Mrs. Miranda brings her 5-year-old son. Tommy, to the clinic because he has been experiencing abdominal cramps and intermittent loose stools for the past 3 days. Upon further assessment, the nurse practitioner suspects that Tommy may have intestinal parasites. 
Which of the following interventions should be implemented to prevent the spread of intestinal parasites (including Giardiasis and pinworms)?
(a) Provide education to family and caregivers regarding sanitary practices.
(b) All members of the family should be treated for the infection.
(c) Perform a visual inspection of the anus with a flashlight.
(d) Medications are not usually prescribed for children younger than 2 years.
Answer: 
(a) Provide education to family and caregivers regarding sanitary practices.

Explanation:
For Giardiasis, medications that kill the parasites may be prescribed, and caregivers should wash hands meticulously. For Pinworms, a visual inspection of the anus with a flashlight may be performed, the tape test is the most common diagnostic test, and medications that kill the parasites may be prescribed. It is also important to educate the family and caregivers regarding the tape test and the importance of meticulous hand washing and washing all clothes and bed linens in hot water to prevent the spread of intestinal parasites. 

All members of the family may need to be treated for the infection if one family member is infected with Pinworms. Intestinal parasites are common in children and can cause a variety of symptoms. It is important to be aware of the causes, symptoms, and interventions for Giardiasis and Pinworms in order to provide appropriate care and prevent the spread of infection.

Question 15.
A 6-year-old child is brought to the clinic with a nosebleed. The nurse should:
(a) Panic and call for emergency assistance.
(b) Have the child lie down on their back.
(c) Assist the child to a sitting up and leaning forward position.
(d) Apply pressure to the upper portion of the nose.
Answer: 
(c) Assist the child to a sitting up and leaning forward position.

Explanation: 
When a child has a nosebleed, it is important for the nurse to remain calm and keep the child calm and quiet. Panic can cause the child to become agitated and difficult to cooperate. The child should be assisted to a sitting up and leaning forward position to prevent aspiration of blood. The child should not be placed in a lying down position because of the risk of aspiration.
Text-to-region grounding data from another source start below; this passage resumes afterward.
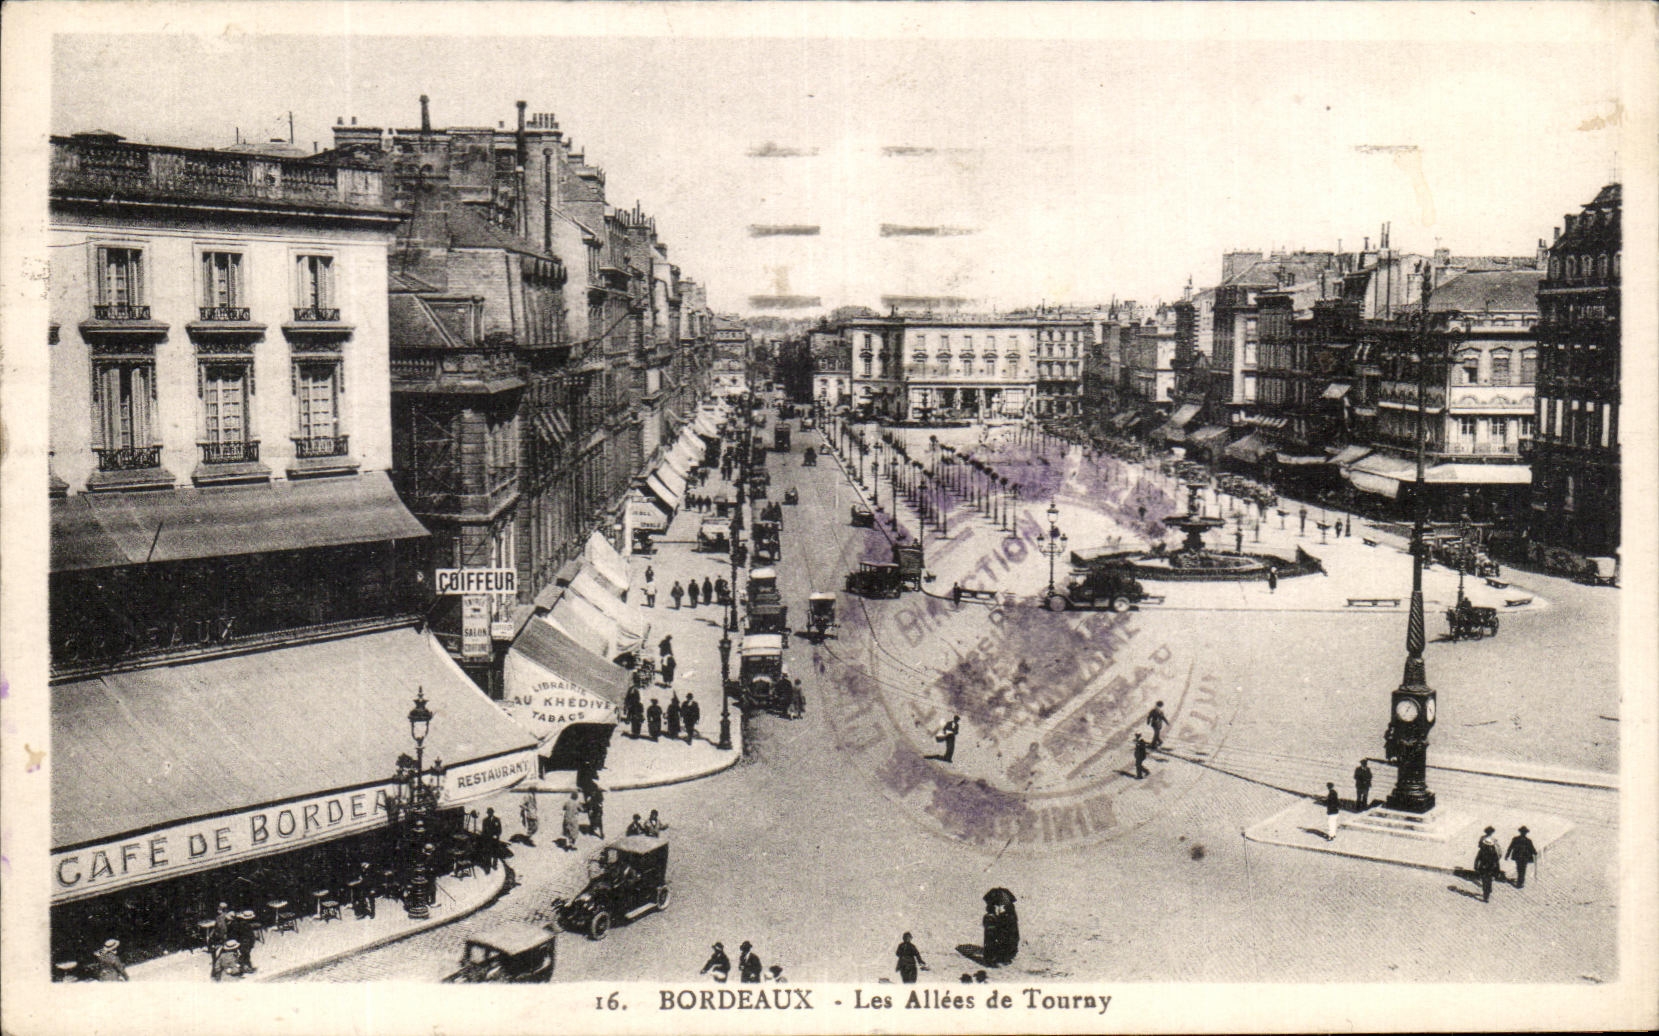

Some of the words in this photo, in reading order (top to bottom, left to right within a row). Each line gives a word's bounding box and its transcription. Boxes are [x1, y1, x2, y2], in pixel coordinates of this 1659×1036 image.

[439, 572, 514, 591] COIFFEUR
[464, 628, 487, 638] SALON
[532, 681, 587, 696] LIBRAIRIE
[514, 695, 532, 706] AU
[532, 710, 585, 722] TABACS
[457, 759, 529, 789] RESTAURANT
[56, 834, 169, 888] CAFÉ
[188, 826, 232, 860] DE
Nosebleeds usually originate in the anterior part of the nasal septum and can be controlled by applying pressure to the soft lower portion of the nose with the thumb and forefinger for at least 10 minutes. 
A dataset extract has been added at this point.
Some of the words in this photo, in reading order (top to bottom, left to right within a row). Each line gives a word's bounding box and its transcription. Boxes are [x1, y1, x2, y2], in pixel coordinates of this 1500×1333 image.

Therefore, option (d) is incorrect as it suggests applying pressure to the upper portion of the nose. Option (b) is also incorrect as it advises lying down. Finally, option (a) is incorrect as it suggests panic, which is not an appropriate response. Option (c) is the correct answer because it advises assisting the child to a sitting up and leaning forward position to prevent aspiration of blood.